HOUSTON, Texas (KTRK) -- Some communities have been hit hard by the virus, especially the Hispanic community. Now, to ensure his community is represented, 35-year-old Juan Antonio Sorto stood up and took part in the Moderna vaccine trial.

"I was born in Dallas but I was raised in El Salvador," said Sorto.

He grew up with a single mom, they moved back to the U.S. and settled in Houston when Juan was around seven.

"Grew up in extreme poverty in El Salvador, came to the United States, grew up in the same poverty, as well. I was partially raised in Kashmere Gardens," he said.

Sorto was a fighter, becoming the first in his family to graduate high school.

"First one in my family to achieve a bachelor's degree, first in my family to achieve a masters and by the end of Summer 2021, I'll be the first one to actually have a Ph.D.," he said.

Every step along the way, he's been working to give back to his community, whether it's tutoring, volunteering or raising awareness about COVID-19.

The Hispanic community has been hit hard by the virus. Of the more than 1,500 COVID-19 deaths in Houston, Hispanics make up more than 55% of the lives lost.

Juan wanted to do his part, so he participated in the Moderna vaccine trial.

"When I walked into that testing center for the first time, I saw people that did not look like me at all. I was kind of hesitant but then, I walked in there and I said, 'This is the right decision that I'm making, not only for myself, my family, but everyone around the world and especially those that don't really have a voice most of the time,'" said Sorto.

A voice for his family even in El Salvador.

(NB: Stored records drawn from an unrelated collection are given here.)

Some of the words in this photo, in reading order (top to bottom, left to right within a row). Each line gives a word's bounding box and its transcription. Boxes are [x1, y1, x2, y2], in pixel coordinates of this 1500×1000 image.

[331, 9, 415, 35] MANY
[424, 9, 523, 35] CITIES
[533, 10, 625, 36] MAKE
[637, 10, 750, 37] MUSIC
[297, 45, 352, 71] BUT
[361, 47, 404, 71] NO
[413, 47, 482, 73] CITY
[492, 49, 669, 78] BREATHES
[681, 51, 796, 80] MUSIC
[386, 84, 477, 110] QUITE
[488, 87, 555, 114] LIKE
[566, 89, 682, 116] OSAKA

Every Christmas he visits his grandmother who still lives there.

"I noticed that I wanted to make these trips, not only about spending time with my grandmother, but also bringing some kind of joy to these families in the most neediest part of El Salvador," said Sorto.

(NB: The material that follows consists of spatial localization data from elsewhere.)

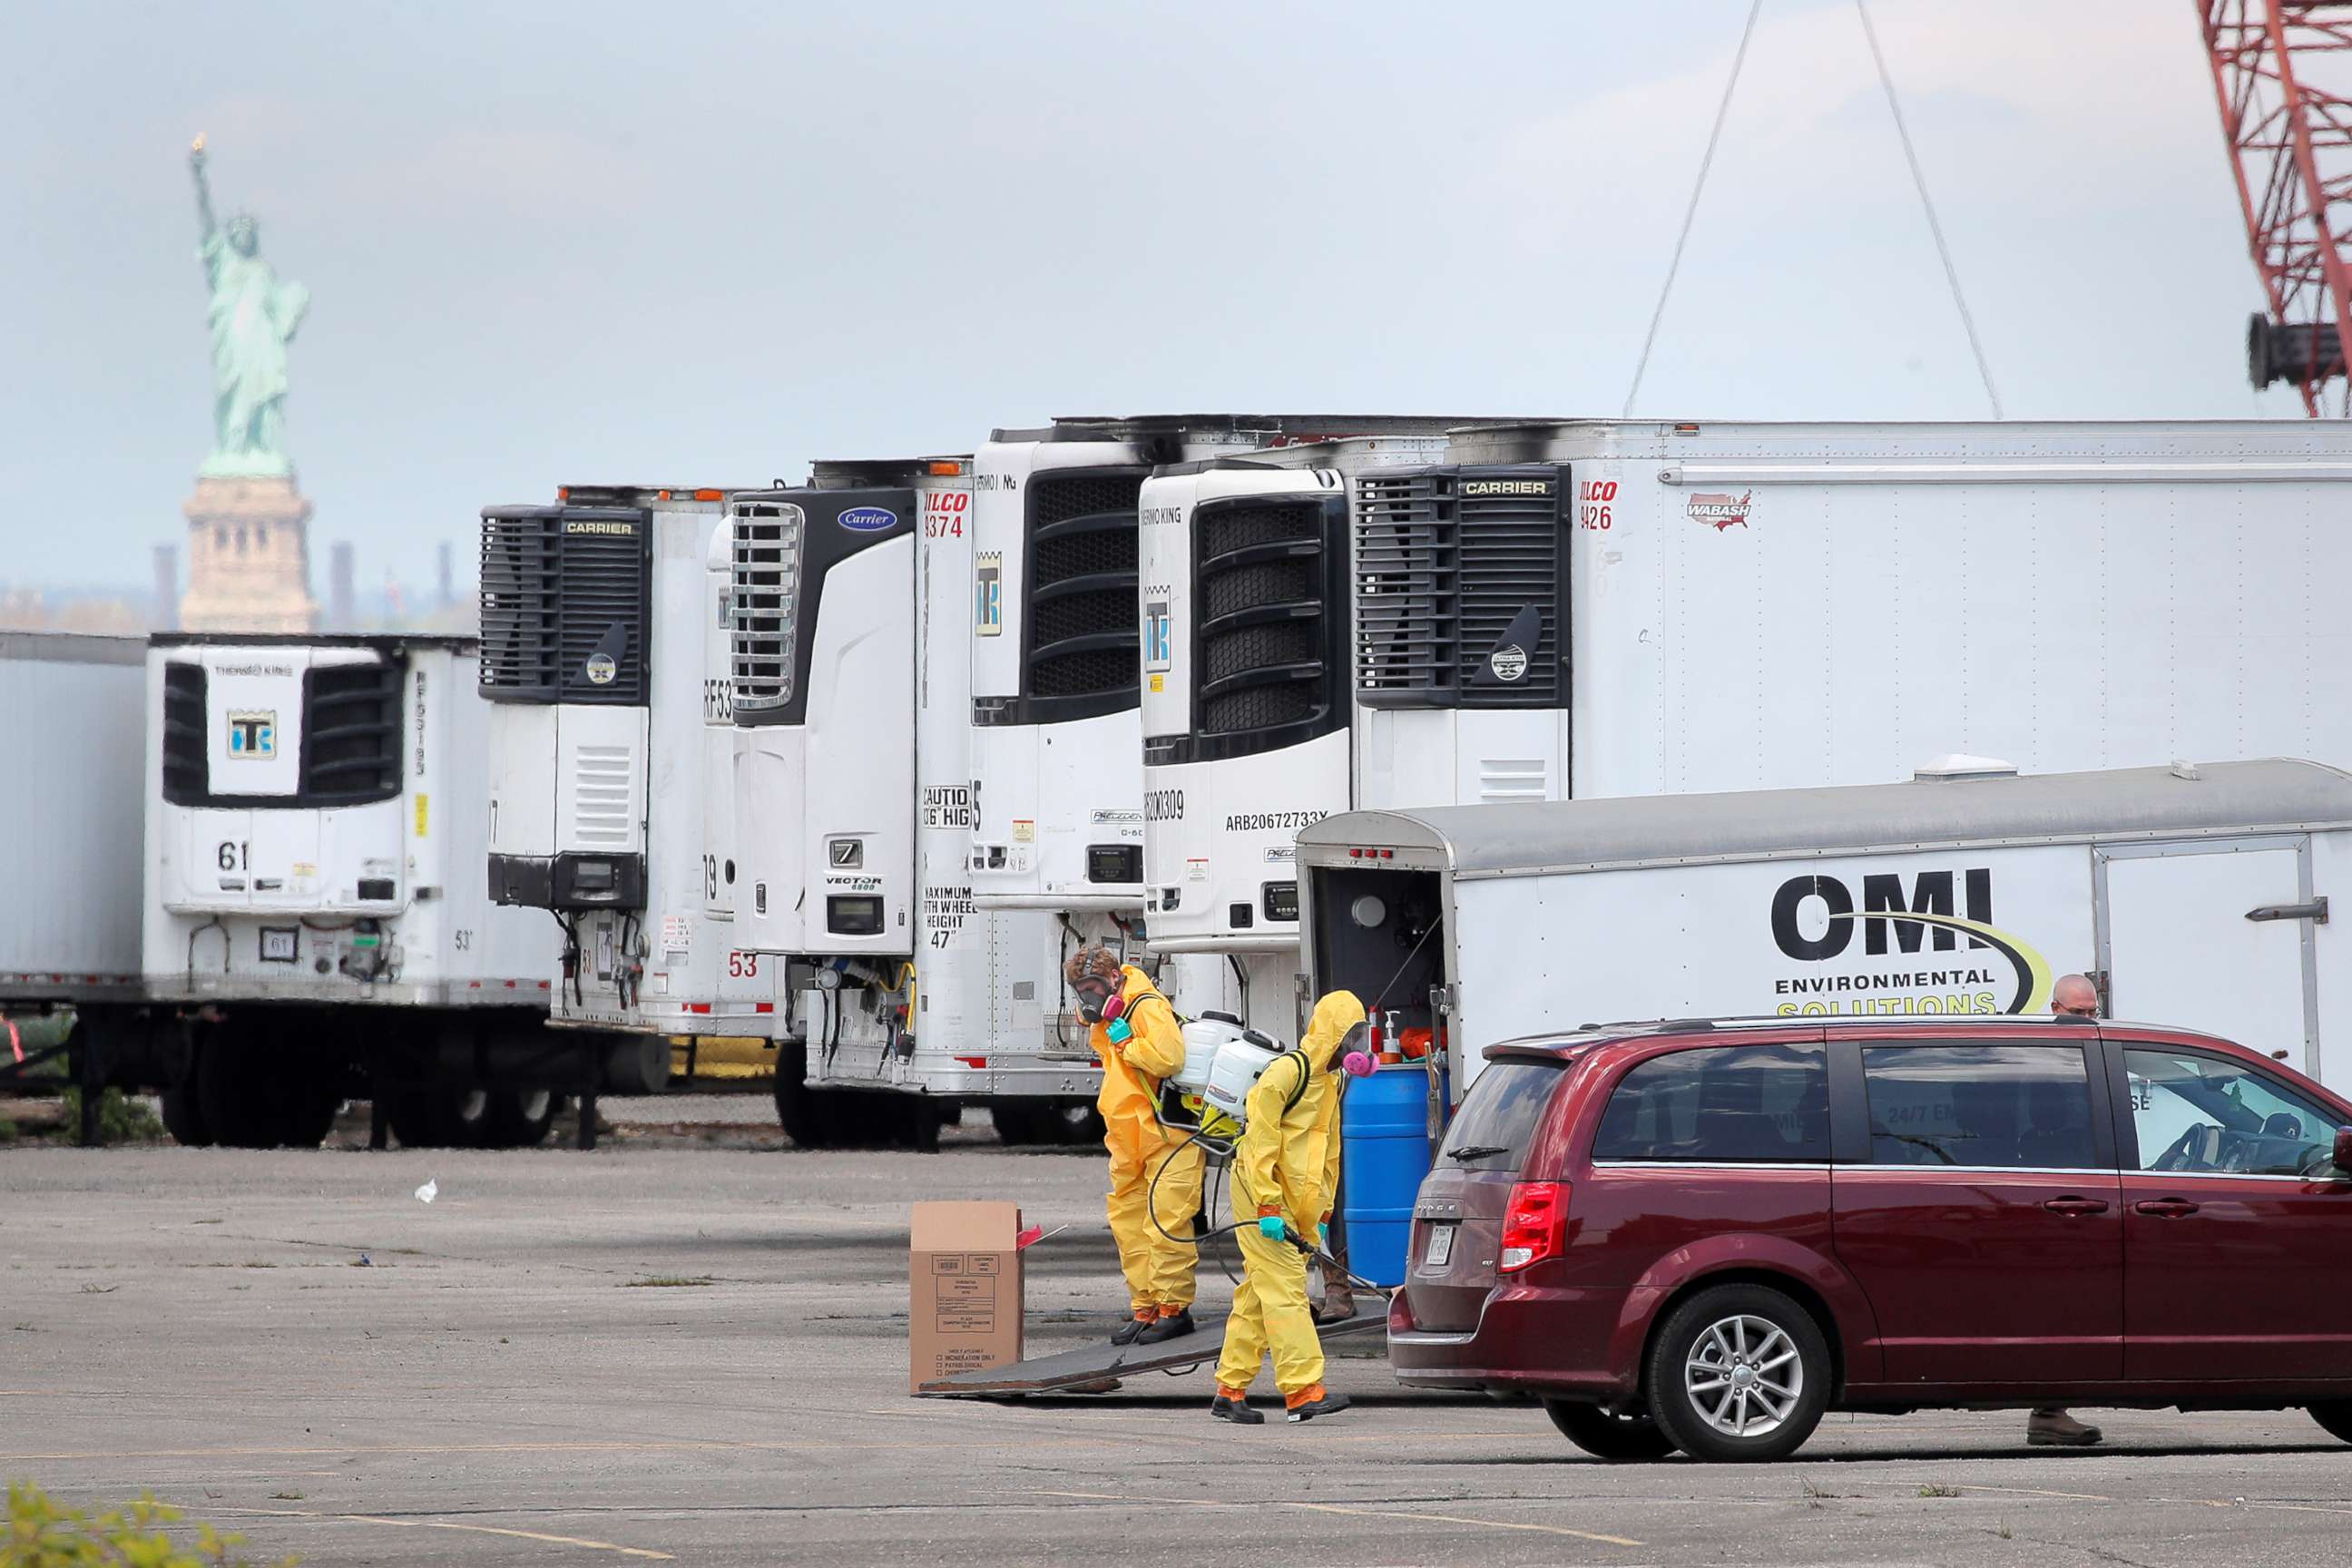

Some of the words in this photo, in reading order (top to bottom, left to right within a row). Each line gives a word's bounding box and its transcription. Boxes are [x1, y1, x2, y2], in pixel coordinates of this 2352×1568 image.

[1465, 482, 1546, 494] CARRIER
[1580, 481, 1618, 501] ILCO
[924, 493, 968, 512] ILCO
[1687, 505, 1751, 516] WABASH
[845, 513, 889, 524] Carrier
[1161, 506, 1181, 524] KING
[567, 522, 632, 534] CARRIER
[924, 789, 968, 806] CAUTIO
[219, 842, 247, 870] 61
[940, 900, 978, 914] WHEEL
[1770, 867, 1994, 961] OMI
[271, 937, 287, 952] 61
[930, 930, 956, 949] 47"
[729, 951, 757, 977] 53
[1775, 968, 1995, 995] ENVIRONMENTAL

He delivers toys to the kids that live in the poor neighborhood where he grew up. While the virus is keeping him from traveling this year, he is giving a gift to his community, one of awareness and hope.

"What I'm counting on is, because I was part of the vaccine studies right, more people will take it. The reason I tell people is, 'What other options do we have at the moment,'" said Sorto.